Some days, everything seems to happen at once. Today we got the house cleaned by three enthusiastic cleaners in time for Christmas (we hadn’t really cleaned for a couple of months, so it was worth getting someone in). The health visitor also turned up and listened sympathetically to our stories of hospital transfers. She took plenty of notes, but I don’t think she’s actually going to do anything. I wonder what her actual brief is – I mean what is she supposed to be doing beyond finding out if Lisa’s depressed – and what would she do if Lisa was depressed?
We also got our old TV taken away by someone who asked what was wrong with it only after he’d thrown it in the crushing machine at the back of the rubbish truck. And we got our new one delivered. More accurately, we got two new ones delivered. Two identical 32 inch widescreen TVs. No idea why they’ve sent us two. We checked the invoice and it was for one. The delivery man said he couldn’t deliver just one because his note had two on it, and the only solution appears to be for us to keep both until the company concerned works out what they’ve done.
I have a feeling that somewhere along the line this is going to turn out to be our fault. Because nobody else is able to take responsibility. Still, the funniest delivery was yet to come.
George's month's supply of milk arrived. 400 bottles of high fat formula milk. along side of which we were given two large brown boxes. When we opened these we discovered we'd been sent not one, not two but seventy two spare feeding tubes - the same kind that has caused us so much grief in the last two weeks and which George ripped out on Saturday.
Each one lasts for 6 weeks!
I had a dream
I had a dream last night that I was going in for heart surgery. There were two surgeons. One was a cheery fellow who made light of the whole thing and didn’t want me to worry about what was a ‘routine’ piece of surgery. The other was dismissive and sarcastic – leaving me with the distinct impression that if I died on the operating table – and I might well do – that it was my own damn fault for having a congenital heart defect.

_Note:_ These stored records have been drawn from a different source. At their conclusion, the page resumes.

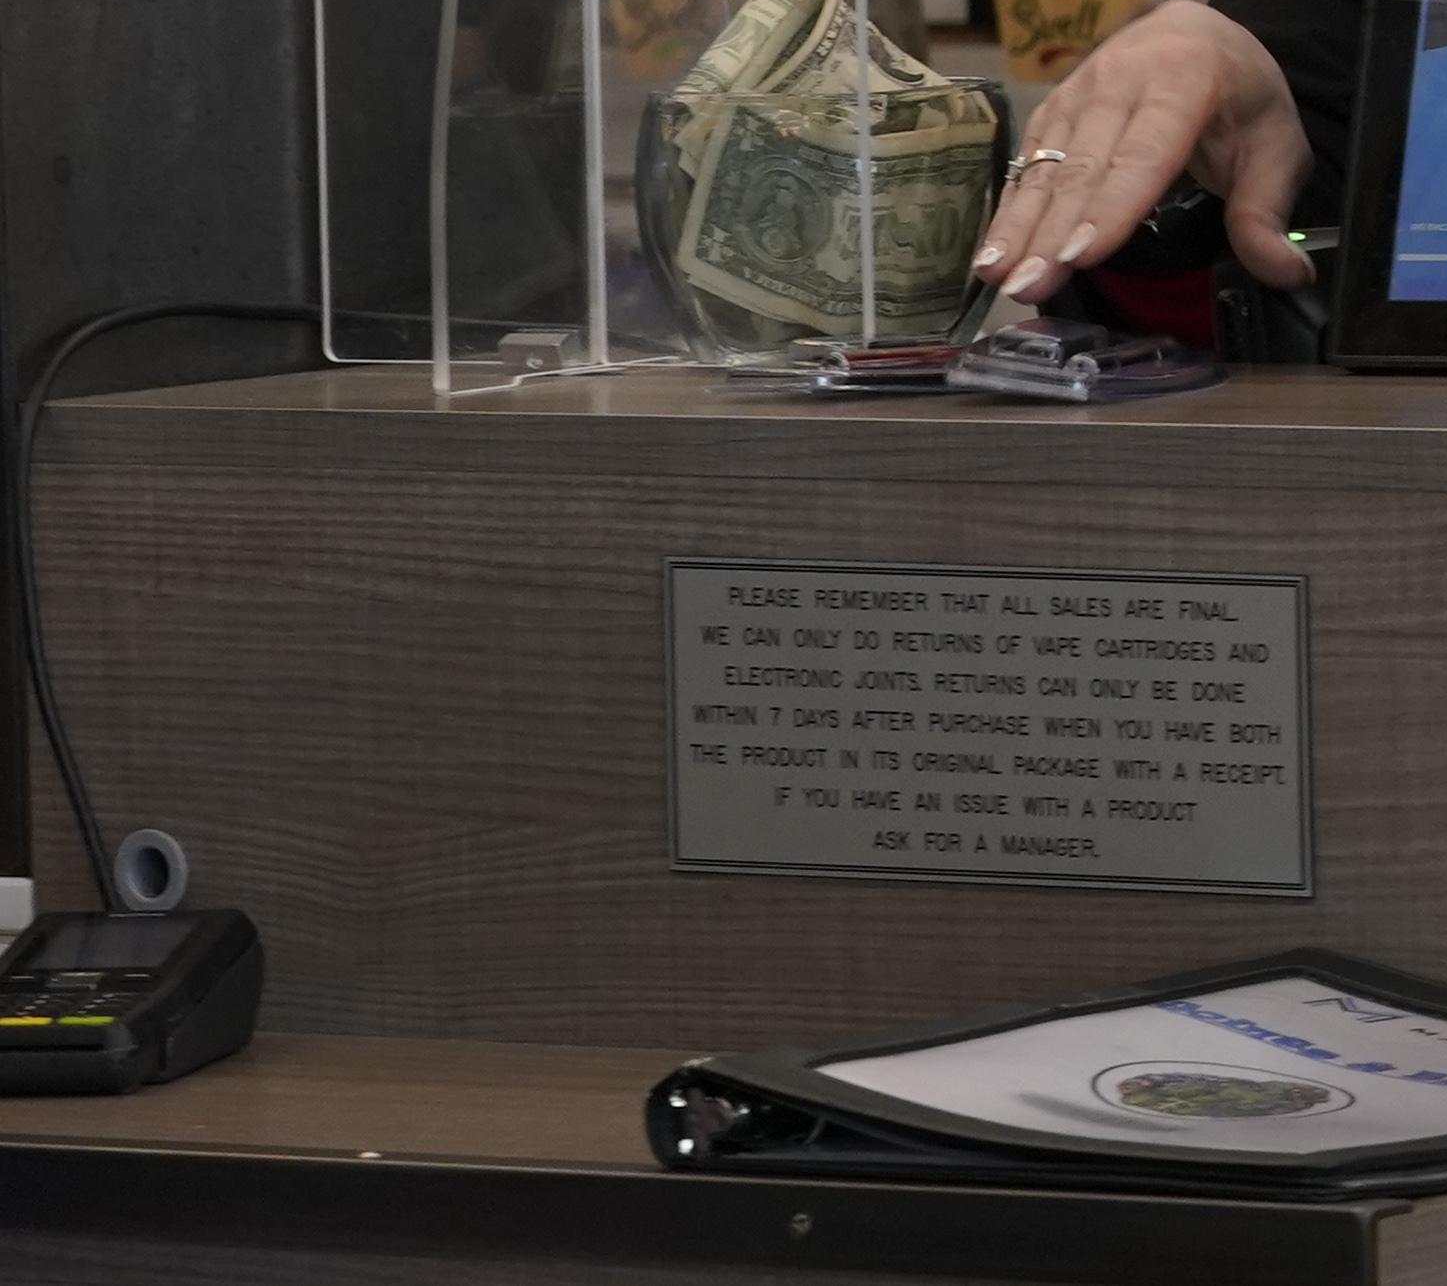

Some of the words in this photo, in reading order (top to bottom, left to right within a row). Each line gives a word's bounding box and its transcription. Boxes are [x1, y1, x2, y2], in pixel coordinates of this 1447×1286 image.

[729, 586, 802, 608] PLEASE
[815, 588, 929, 612] REMEMBER
[941, 592, 990, 614] THAT
[1002, 594, 1039, 616] ALL
[1050, 596, 1112, 618] SALES
[1125, 598, 1165, 620] ARE
[699, 625, 730, 647] WE
[744, 627, 781, 647] CAN
[794, 628, 842, 650] ONLY
[854, 630, 880, 650] DO
[892, 631, 985, 654] RETURNS
[996, 634, 1023, 655] OF
[1032, 635, 1081, 658] VAPE
[1094, 637, 1216, 662] CARTRIDGES
[1228, 642, 1271, 664] AND
[724, 665, 843, 689] ELECTRONIC
[933, 672, 1027, 696] RETURNS
[1038, 676, 1078, 698] CAN
[1089, 678, 1141, 700] ONLY
[1152, 680, 1179, 701] BE
[1191, 681, 1246, 704] DONE
[692, 704, 760, 726] WITHIN
[769, 706, 782, 727] 7
[793, 707, 840, 729] DAYS
[851, 709, 916, 732] AFTER
[928, 712, 1030, 736] PURCHASE
[1043, 716, 1102, 739] WHEN
[1114, 719, 1154, 741] YOU
[1164, 721, 1216, 743] HAVE
[1229, 723, 1282, 745] BOTH
[690, 743, 728, 765] THE
[741, 745, 827, 768] PRODUCT
[840, 748, 860, 769] IN
[871, 749, 900, 771] ITS
[912, 751, 1003, 775] ORIGINAL
[1013, 755, 1100, 779] PACKAGE
[1112, 759, 1161, 781] WITH
[1172, 761, 1190, 782] A
[774, 786, 792, 807] IF
[801, 787, 841, 809] YOU
[851, 789, 902, 811] HAVE
[914, 792, 942, 812] AN
[953, 793, 1009, 816] ISSUE
[1022, 796, 1070, 819] WITH
[1082, 797, 1097, 819] A
[1107, 799, 1198, 822] PRODUCT
[872, 830, 911, 852] ASK
[922, 831, 962, 853] FOR
[973, 833, 990, 854] A

The cheery surgeon wanted to party through the night the evening before the operation. The other one – who seemed to live one floor above in the same house – insisted that he needed a quiet night’s sleep in order to do his work.
For some reason it was my job to keep both of them happy and stop them from fighting. Nobody seemed concerned as to whether I was up to this job – being on the eve of major emergency surgery and all – and I just had to do my best to keep the music turned down…
Luckily, George woke me up at 3:30am before the surgery (which I was required to watch for some reason) got too far on. I’m quite pleased he did decide he wanted feeding because the operation seemed to me to be a lot more like an autopsy than a treatment…
Strange thing is, I think the two surgeons were both the doctor we met yesterday. Thinking about it, there is a duality about the advice we’re being given – on one hand we’re being reassured that everything’s fine by cheery faced doctors . On the other, terms like “heart failure” and “emergency surgery” are being tossed around and we’re having to snatch at clues to when the operation is to be (and in some cases what the correct treatment is).